If that course commends itself to the House, it seems to be the most convenient course to be taken.
§ Mr. Ede
The Bill deals with a variety of subjects. The only subject that excited any great interest in Committee was that raised in Clause 5. On Second Reading the Financial Secretary said:… Clause 5, which is the longest Clause, deals with perhaps the simplest matter of all."—[OFFICIAL REPORT, 1st July, 1955; Vol. 543, c. 668.]1881 However, when we reached the Committee stage we were faced with a number of very complicated Amendments which virtually recast the Clause in respect of one of its most important objectives. That was the way with which certain unclaimed balances that existed in the Dublin branch of the Bank of Ireland should be dealt.
My hon. Friend the Member for Islington, East (Mr. E. Fletcher) asked a number of questions about that, and he received from the Financial Secretary a series of answers that were very verbose, but were eminent proof of the old adage that words were given us to conceal our thoughts. At the end of the right hon. Gentleman's explanations no answer had in fact been given to the two questions that my hon. Friend had put to him.
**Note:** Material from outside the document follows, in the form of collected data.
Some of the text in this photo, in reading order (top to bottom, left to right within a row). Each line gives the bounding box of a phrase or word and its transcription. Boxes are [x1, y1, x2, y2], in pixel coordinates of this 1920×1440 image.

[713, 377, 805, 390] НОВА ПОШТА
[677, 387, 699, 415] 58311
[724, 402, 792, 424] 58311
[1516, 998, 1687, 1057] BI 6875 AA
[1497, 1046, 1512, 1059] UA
It would appear that at some time between the Second Reading and the Committee stage of the Bill the Financial Secretary discovered that, as drafted, the Bill would have involved him in giving orders to the Dublin branch of the Bank of Ireland about the way in which it was to keep its accounts in Ireland, where it is under the jurisdiction of the Government of the Irish Republic. He admitted in an explanation that he gave, as shown in c. 1356 of the OFFICIAL REPORT, 7th July, 1955, that that would involve problems of extra-territoriality. I think we ought to know at what stage it was discovered that those issues would be raised. Were they known to the right hon. Gentleman on the day of the Second Reading debate? How did they come to his attention?
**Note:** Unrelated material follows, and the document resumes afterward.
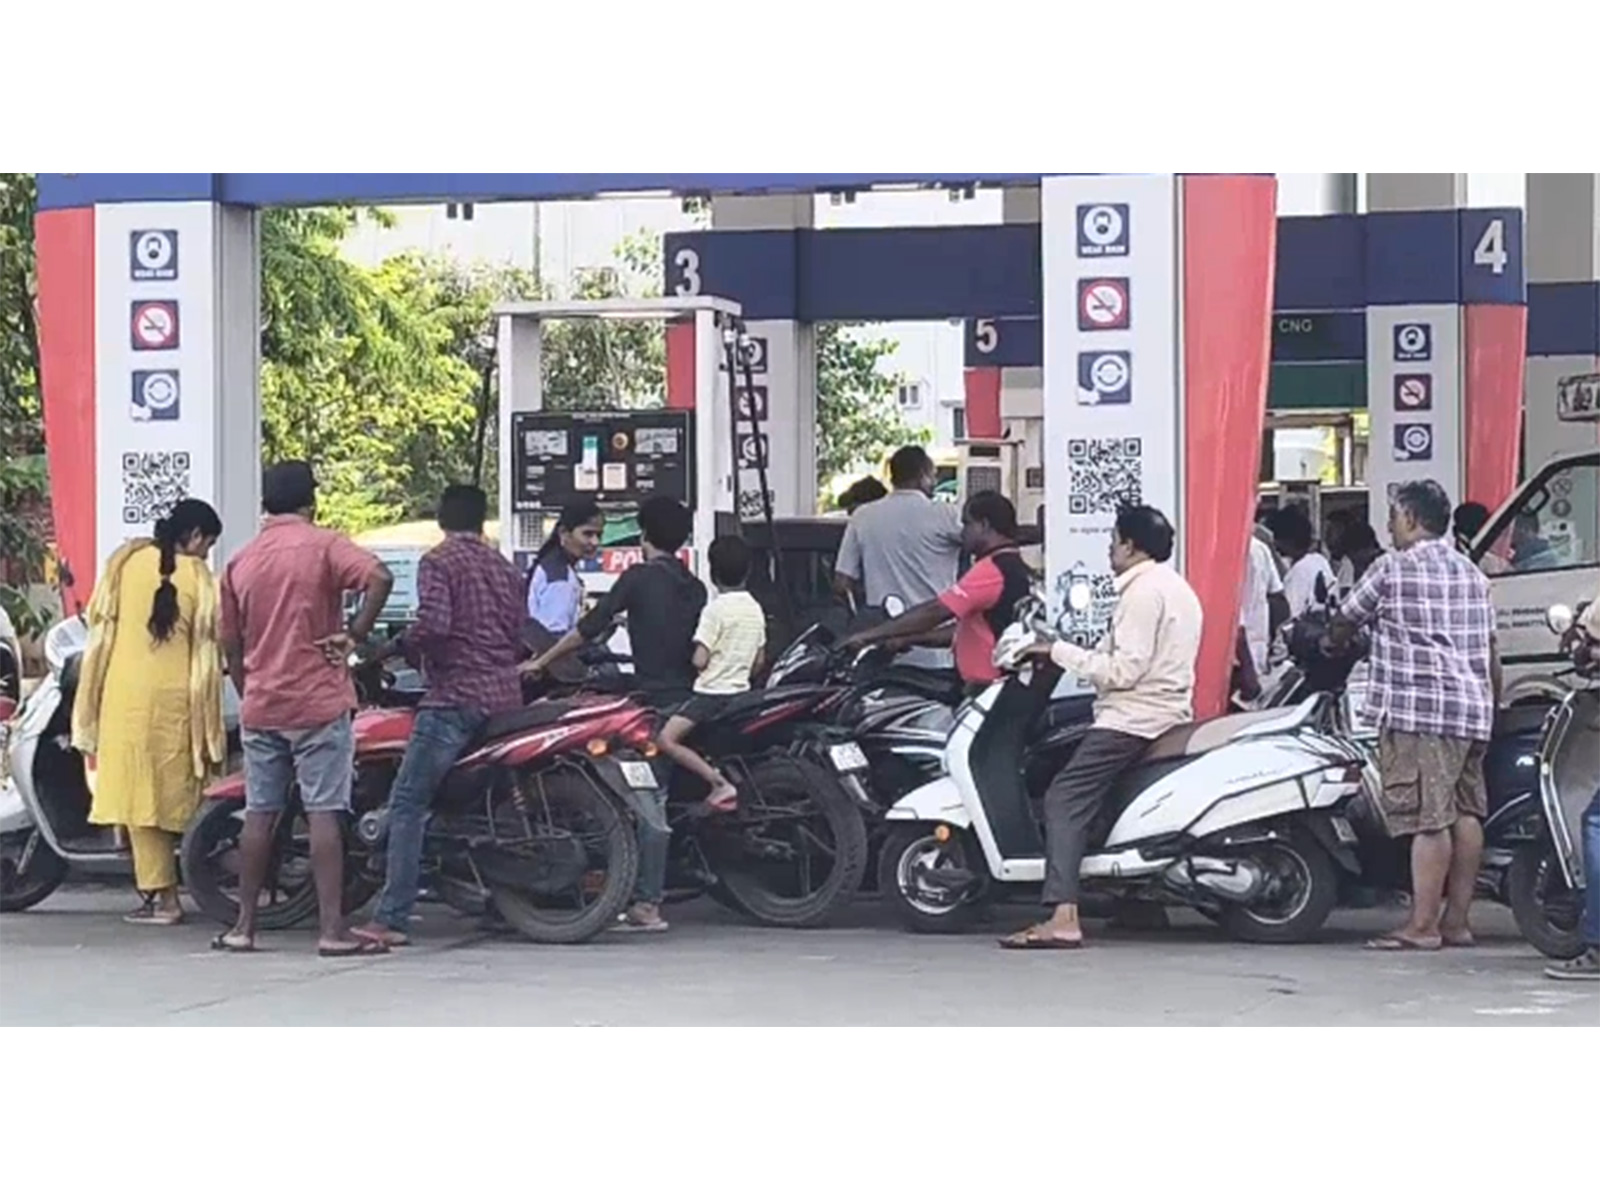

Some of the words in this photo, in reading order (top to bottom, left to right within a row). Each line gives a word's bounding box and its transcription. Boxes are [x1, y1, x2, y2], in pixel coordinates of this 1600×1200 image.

[1474, 219, 1507, 273] 4
[675, 249, 701, 297] 3
[976, 318, 998, 354] 5
[1278, 318, 1312, 333] CNG
The right hon. Gentleman was rather proud of the fact that he had discovered this problem. When my right hon. Friend the Member for Battersea, North (Mr. Jay) said that this seemed a very desirable sort of Clause to have and asked why, if it was so sensible and innocuous, it had never been done before, he repliedThe right hon. Gentleman is asking me about the Clause as a whole. I cannot say why it was not done in the time of the right hon. Gentleman's Government. I can say that it has now come to my notice, and that it seems to me a very desirable action to take…"—[OFFICIAL REPORT, 7th July, 1955; Vol. 543, c. 1356]At what stage did this very desirable action, which the right hon. Gentleman during the Second Reading debate said was so simple, come to his notice as involving 1882 this problem of extraterritoriality? When he did discover it, what action did he take? The answer which he gave my hon. Friend the Member for Islington, East took a lot of words but, as I have already said, gave no information.
The right hon. Gentleman was asked whether he had consulted either the Bank of Ireland or the Government of the Irish Republic. He said:In so far as it affected the Dublin Office of the Bank of Ireland, the Clause, as it stood, had extra-territorial effects. As a matter of ordinary courtesy, we have been in touch with the Government of Ireland on this point."—[OFFICIAL REPORT, 7th July, 1955; Vol. 543, c. 1360.]At what stage did the right hon. Gentleman get in touch with the Government of Ireland? Was it before the Bill was drafted in its original form, just before the Second Reading debate, after it had been read the First time, or at some stage after the Second Reading?
When I repeated the questions, on behalf of my hon. Friend the Member for Islington, East, the right hon. Gentleman failed to give any specific reply to the definite points that were put. He said:I suggest to the Committee that it would be far better not to go further on this extraterritorial ground in this Bill but rather to withdraw from it, as is the aim of these Amendments, and then, at a later stage, to pursue with the Government of the Irish Republic the much larger question of what should be done about the National Debt Acts which, as the right hon. Gentleman knows, date back very many years.—[OFFICIAL REPORT, 7th July, 1955; Vol. 543, c. 1361.]As the National Debt orginated, I understand, from the activities of William of Orange I cannot imagine that it would be regarded as a subject on which the right hon. Gentleman could have very pleasant conversations with the Government of the Irish Republic, who hold views about William of Orange very different from those which I hold, and which I believe the right hon. Gentleman himself holds.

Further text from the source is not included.